Copper parts in electrical assemblies are commonly plated and joined to improve performance and reliability. Plating serves two purposes: protecting the copper surface from oxidation, which can increase contact resistance over time, and tailoring the surface for the application. Tin plating is widely used on busbars and terminals because it resists oxidation while preserving good conductivity and solderability. Silver plating is applied to high-performance contacts where the lowest possible contact resistance is required, and nickel plating provides a harder, more durable barrier, often as an underplate. For joining, brazing and soldering are the standard methods for electrical connections, with silver brazing used where higher joint strength or temperature capability is needed. When brazing copper, the grade matters: oxygen-free C101 avoids the hydrogen embrittlement risk that oxygen-bearing C110 can face in reducing atmospheres. Because plating and brazing are typically outsourced to specialized lines, confirm the specification, thickness, and standard early in the sourcing process, since these steps affect both the electrical performance of the finished part and the overall lead time. Always match the surface treatment to the contact's service environment and electrical requirements.
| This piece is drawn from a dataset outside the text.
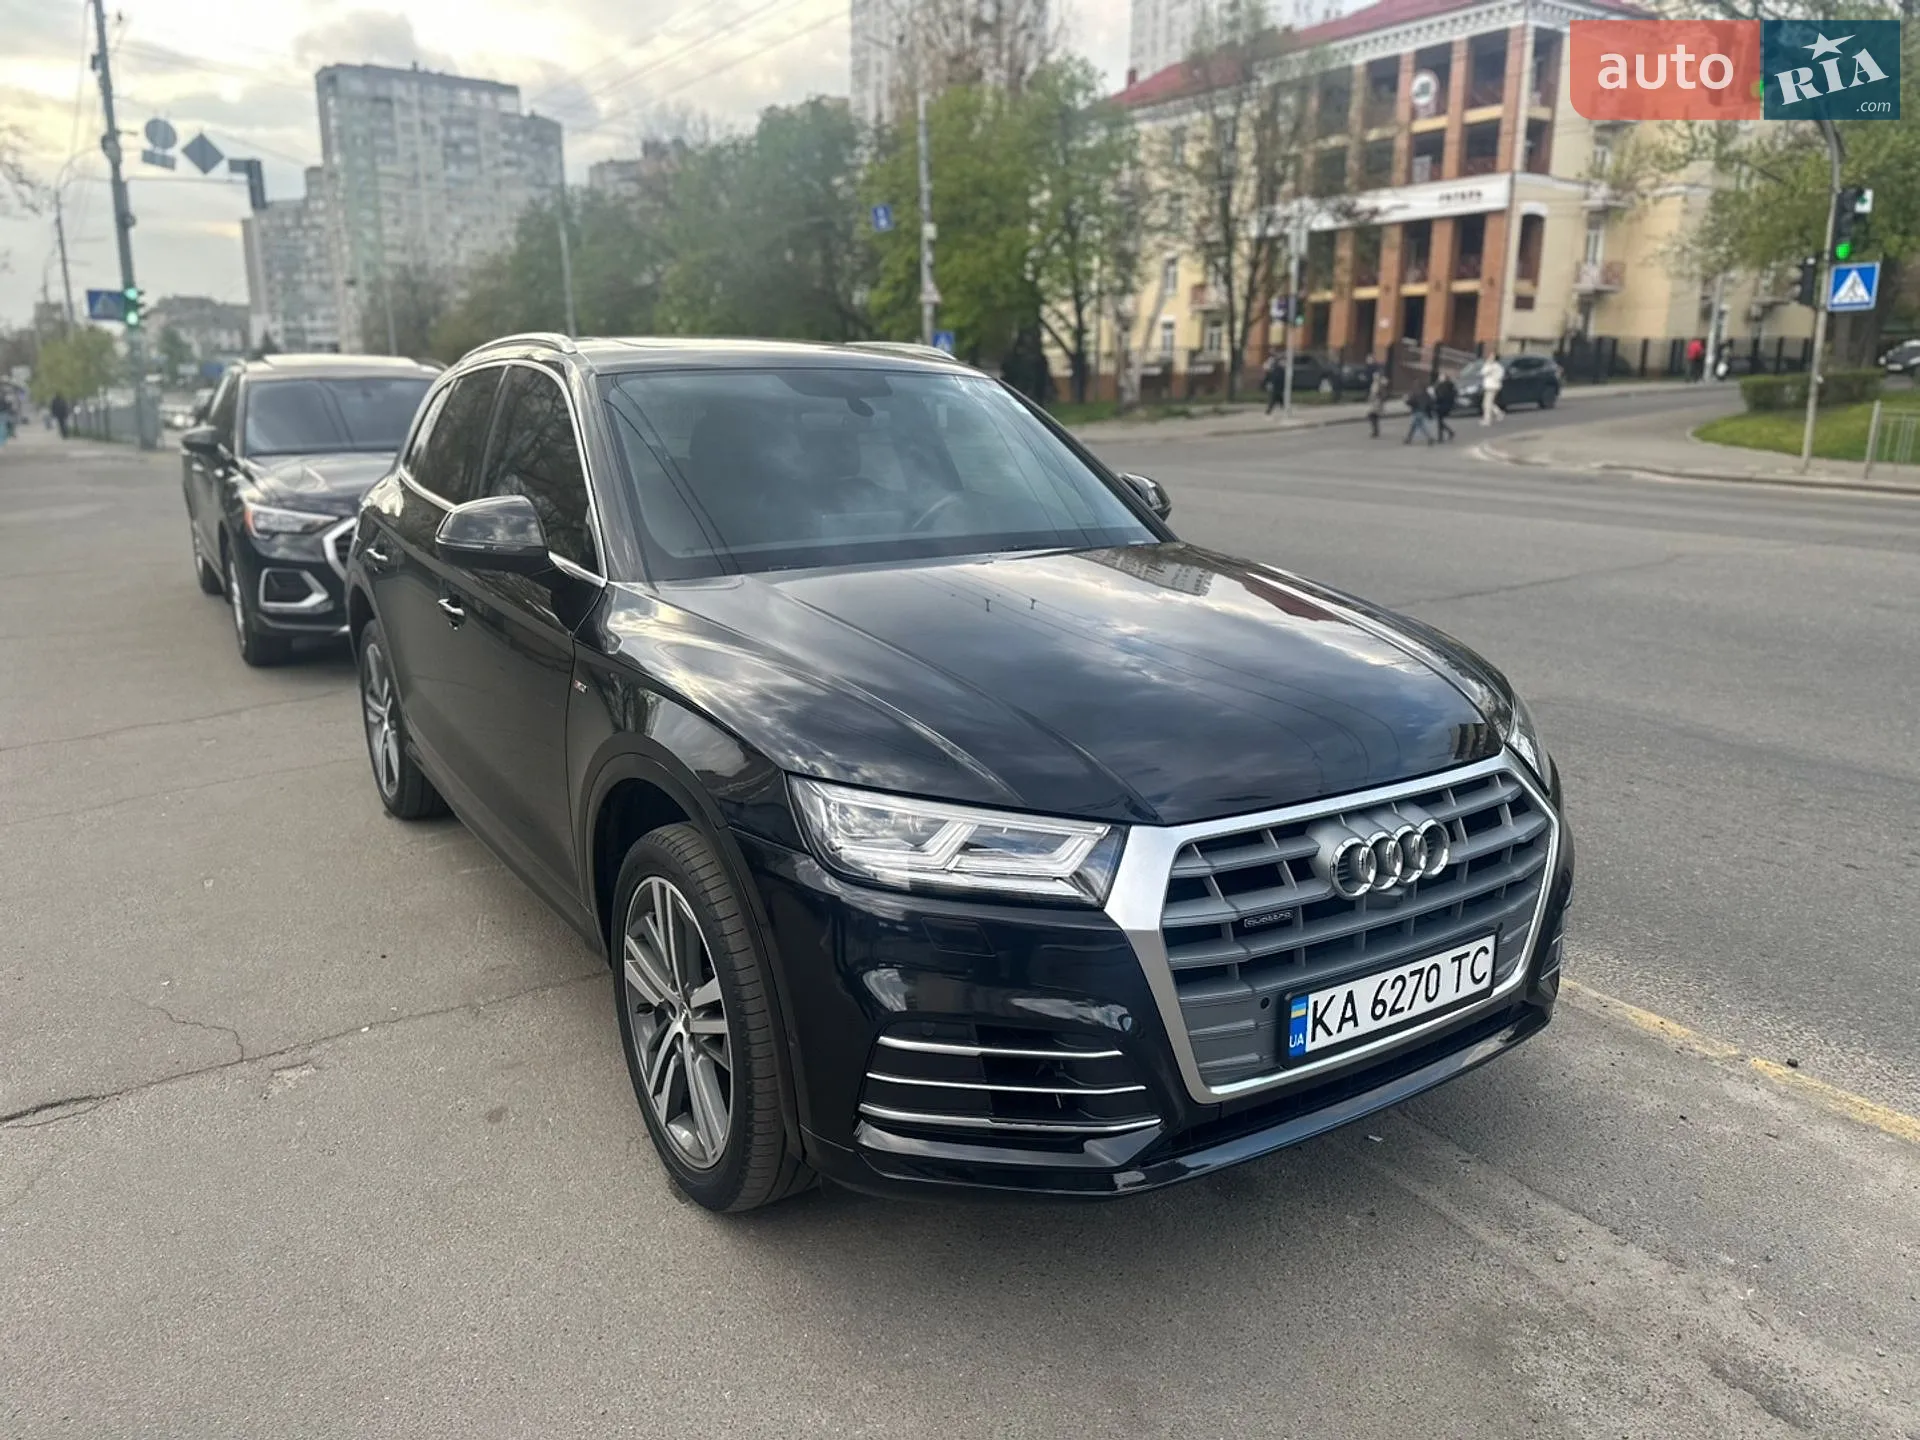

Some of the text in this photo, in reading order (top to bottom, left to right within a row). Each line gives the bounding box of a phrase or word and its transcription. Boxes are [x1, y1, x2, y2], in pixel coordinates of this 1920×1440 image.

[1310, 946, 1489, 1042] KA 6270 TC
[1289, 1035, 1304, 1048] UA
Yes, copper demand on vehicle programs has grown substantially as electrification spreads, and that trend reaches the South Bend area given its automotive and heavy-equipment manufacturing base. Electric and hybrid powertrains use far more copper than conventional vehicles because of the wiring, motor windings, power-distribution busbars, battery-connection hardware, and charging components they require. Even on conventional and tactical vehicles, the growth of onboard electronics and power-distribution systems increases copper content. For regional shops and buyers, this means more demand for machined and fabricated copper parts such as busbars, terminals, grounding hardware, and connectors, often in tellurium copper for the machined contact pieces and C110 for the conductor sections. The practical implication is that sourcing partners with copper machining and plating experience become more valuable, and that designers should consider the conductivity-versus-machinability tradeoff carefully on each part. While South Bend's strongest material heritage remains steel and aluminum for structural vehicle work, copper is an increasingly important secondary material as power and electrical content rises across both automotive and heavy-equipment platforms.